[SPARK-4795][Core] Redesign the "primitive type => Writable" implicit APIs to make them be activated automatically

Try to redesign the "primitive type => Writable" implicit APIs to make them be activated automatically and without breaking binary compatibility. However, this PR will breaking the source compatibility if people use `xxxToXxxWritable` occasionally. See the unit test in `graphx`. Author: zsxwing <zsxwing@gmail.com> Closes #3642 from zsxwing/SPARK-4795 and squashes the following commits: 914b2d6 [zsxwing] Add implicit back to the Writables methods 0b9017f [zsxwing] Add some docs a0e8509 [zsxwing] Merge branch 'master' into SPARK-4795 39343de [zsxwing] Fix the unit test 64853af [zsxwing] Reorganize the rest 'implicit' methods in SparkContext
author: zsxwing <zsxwing@gmail.com> 2015-02-03 20:17:12 -0800
committer: Reynold Xin <rxin@databricks.com> 2015-02-03 20:17:12 -0800
commit: d37978d8aafef8a2e637687f3848ca0a8b935b33 (patch)
tree: 6e46fa8b7bcd03a8828ae089c71a93fb26d8b0b3 /core
parent: 1077f2e1def6266aee6ad6f0640a8f46cd273e21 (diff)
download: spark-d37978d8aafef8a2e637687f3848ca0a8b935b33.tar.gz
spark-d37978d8aafef8a2e637687f3848ca0a8b935b33.tar.bz2
spark-d37978d8aafef8a2e637687f3848ca0a8b935b33.zip
7 files changed, 128 insertions, 32 deletions
diff --git a/core/src/main/scala/org/apache/spark/SparkContext.scala b/core/src/main/scala/org/apache/spark/SparkContext.scala
index 6a16a31654..16c6fdbe52 100644
--- a/core/src/main/scala/org/apache/spark/SparkContext.scala
+++ b/core/src/main/scala/org/apache/spark/SparkContext.scala
@@ -1749,8 +1749,14 @@ object SparkContext extends Logging {
   @deprecated("Replaced by implicit functions in the RDD companion object. This is " +
     "kept here only for backward compatibility.", "1.3.0")

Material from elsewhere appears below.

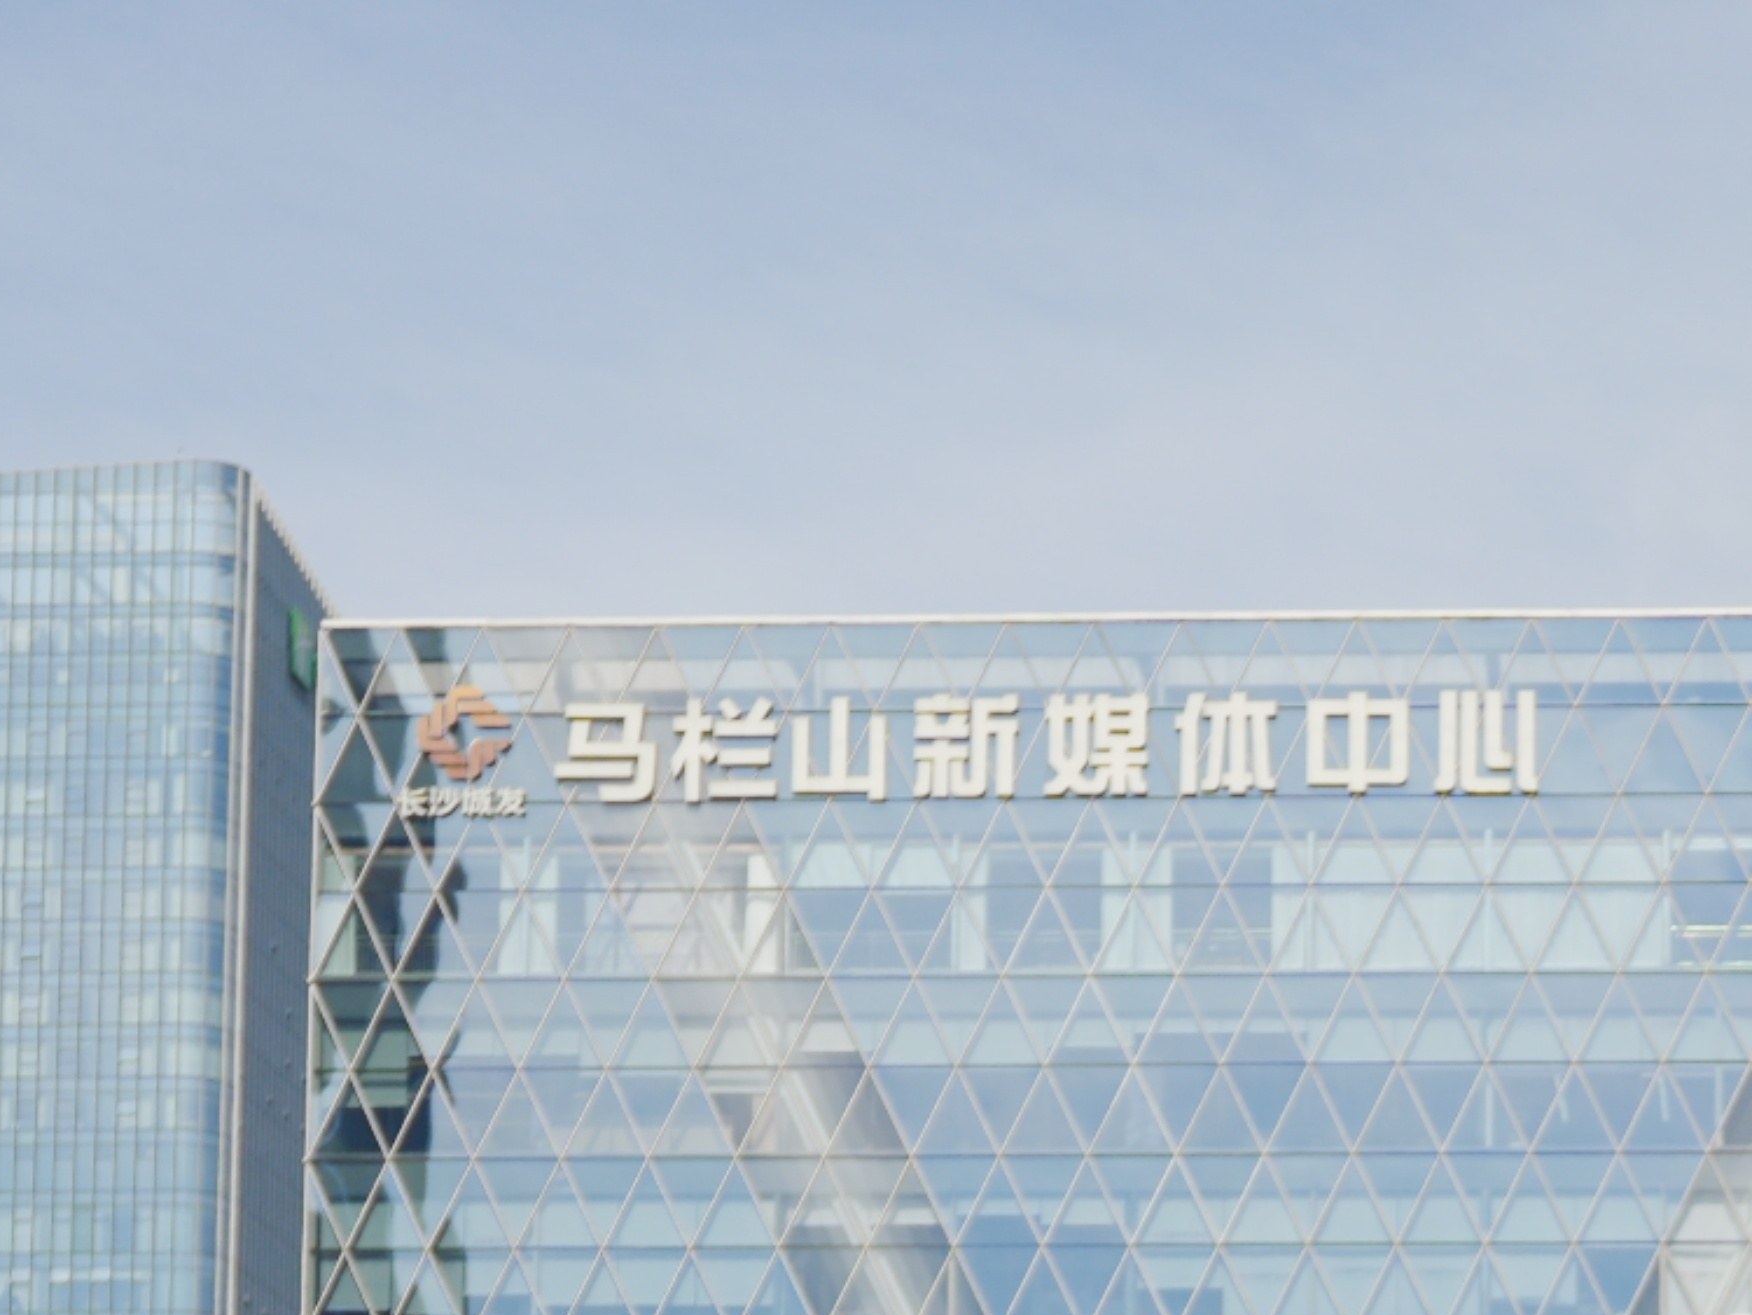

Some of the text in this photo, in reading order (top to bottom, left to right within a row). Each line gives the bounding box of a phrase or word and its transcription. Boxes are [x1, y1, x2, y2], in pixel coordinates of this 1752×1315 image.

[554, 689, 1539, 803] 马栏山新媒体中心
[398, 786, 527, 818] 长沙城发

   def rddToSequenceFileRDDFunctions[K <% Writable: ClassTag, V <% Writable: ClassTag](
-      rdd: RDD[(K, V)]) =
+      rdd: RDD[(K, V)]) = {
+    val kf = implicitly[K => Writable]
+    val vf = implicitly[V => Writable]
+    // Set the Writable class to null and `SequenceFileRDDFunctions` will use Reflection to get it
+    implicit val keyWritableFactory = new WritableFactory[K](_ => null, kf)
+    implicit val valueWritableFactory = new WritableFactory[V](_ => null, vf)
     RDD.rddToSequenceFileRDDFunctions(rdd)
+  }
 
   @deprecated("Replaced by implicit functions in the RDD companion object. This is " +
     "kept here only for backward compatibility.", "1.3.0")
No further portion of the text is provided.